The federal budget deadline to avert a government shutdown wasn’t the only one looming on October 1. Tuesday was also the deadline for employers to provide written notification to their employees about the new health insurance marketplaces.
To help its members meet the deadline, the National Restaurant Association worked with a technology provider to build a notification tool.
“As we studied what was going to be taking place we felt that the best thing for us to do was get started with making sure we had a couple of components of what our members told us they needed,” said Phil Kafarakis, chief innovation and member advancement officer at NRA. “The notification tool guides an employer through the law’s required information process and creates a company-specific landing page that can be used to properly notify employees.”
The tool is part of a larger Healthcare Reform Headquarters on NRA’s website, which also houses educational information about the law and other tools for employers. It will eventually be the home of NRA’s marketplace, which will help restaurant employers and employees shop for ACA-compliant health plans.
More than 1,000 restaurateurs used the notification tool, thanks to an awareness campaign that got a boost from state restaurant associations. And though the notification deadline has passed, Kafarakis expects the wide adoption to continue.

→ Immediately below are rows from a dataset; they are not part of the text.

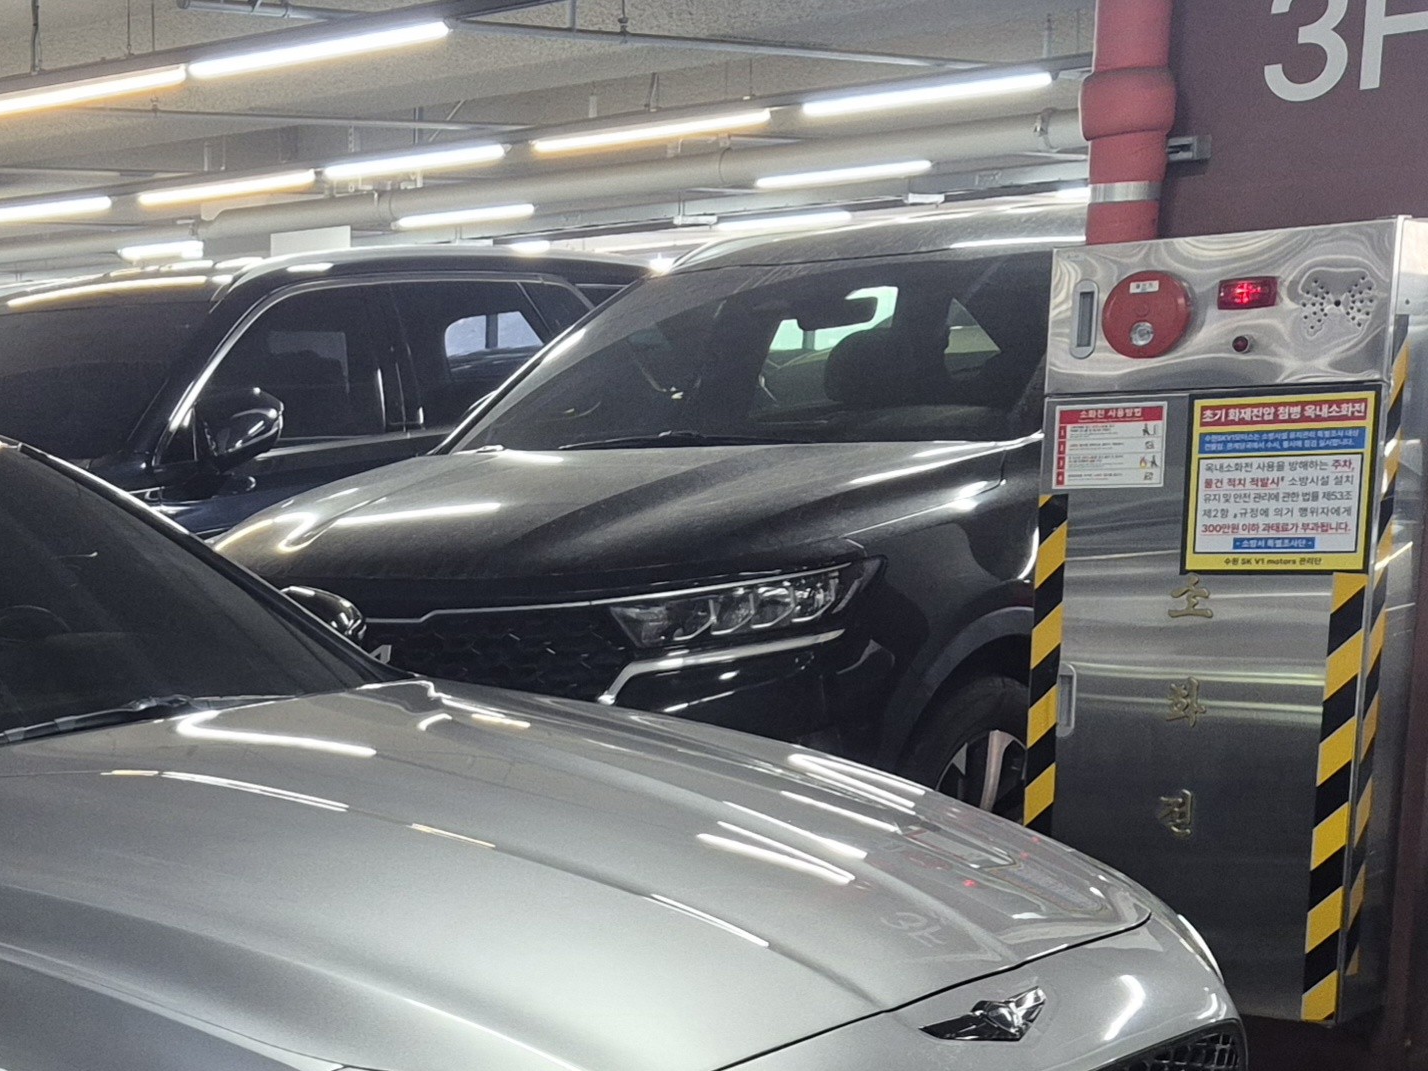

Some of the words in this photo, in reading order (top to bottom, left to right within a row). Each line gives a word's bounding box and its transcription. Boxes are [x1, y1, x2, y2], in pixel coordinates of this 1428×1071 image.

[1264, 0, 1428, 101] 3F
[1202, 409, 1225, 422] 초기
[1227, 406, 1274, 421] 화재진압
[1304, 402, 1365, 418] 옥내소화전
[1205, 462, 1253, 473] 옥내소화전
[1256, 461, 1285, 472] 사용을
[1288, 460, 1328, 471] 방해하는
[1288, 475, 1330, 487] 소방시설
[1333, 474, 1354, 486] 설치
[1201, 523, 1240, 534] 300만원
[1242, 522, 1259, 533] 이하
[1262, 522, 1299, 533] 과태료가

“It’ll continue to be in this form,” he said. “The question, now that the deadline has passed, becomes liability. There are no hard-set penalties that are going to come flying down on employers, because we still don’t know a lot about the law. But there is going to be a component of compliance at some point in time, and the sooner that they get themselves set up and get their employees notified, the easier it will be moving forward.”
Other groups have reached out to NRA about how they might develop something similar or even borrow the technology.
“We’ve gotten some inquiries from other associations who are, frankly, trying to figure out what they’re going to do,” Kafarakis said. “We’ve had several groups ask if they can be part of this and if we could actually be the back end of the tool, and we would be delighted. I’m more than willing to have dialogue about how we can bring this solution to other groups in a way that’s unique to what they’re doing for their members.”
The technology behind the tool could be applied in the future to other issues that affect employers, like immigration reform, Kafarakis said.
“We see this as something we can bring to our membership down the road, and that we can modify for some other tracking or compliance mechanisms,” he said. “The most important thing about this is that it’s built, it’s running, and it’s functional.”
The National Restaurant Association's employee notification tool for healthcare exchanges.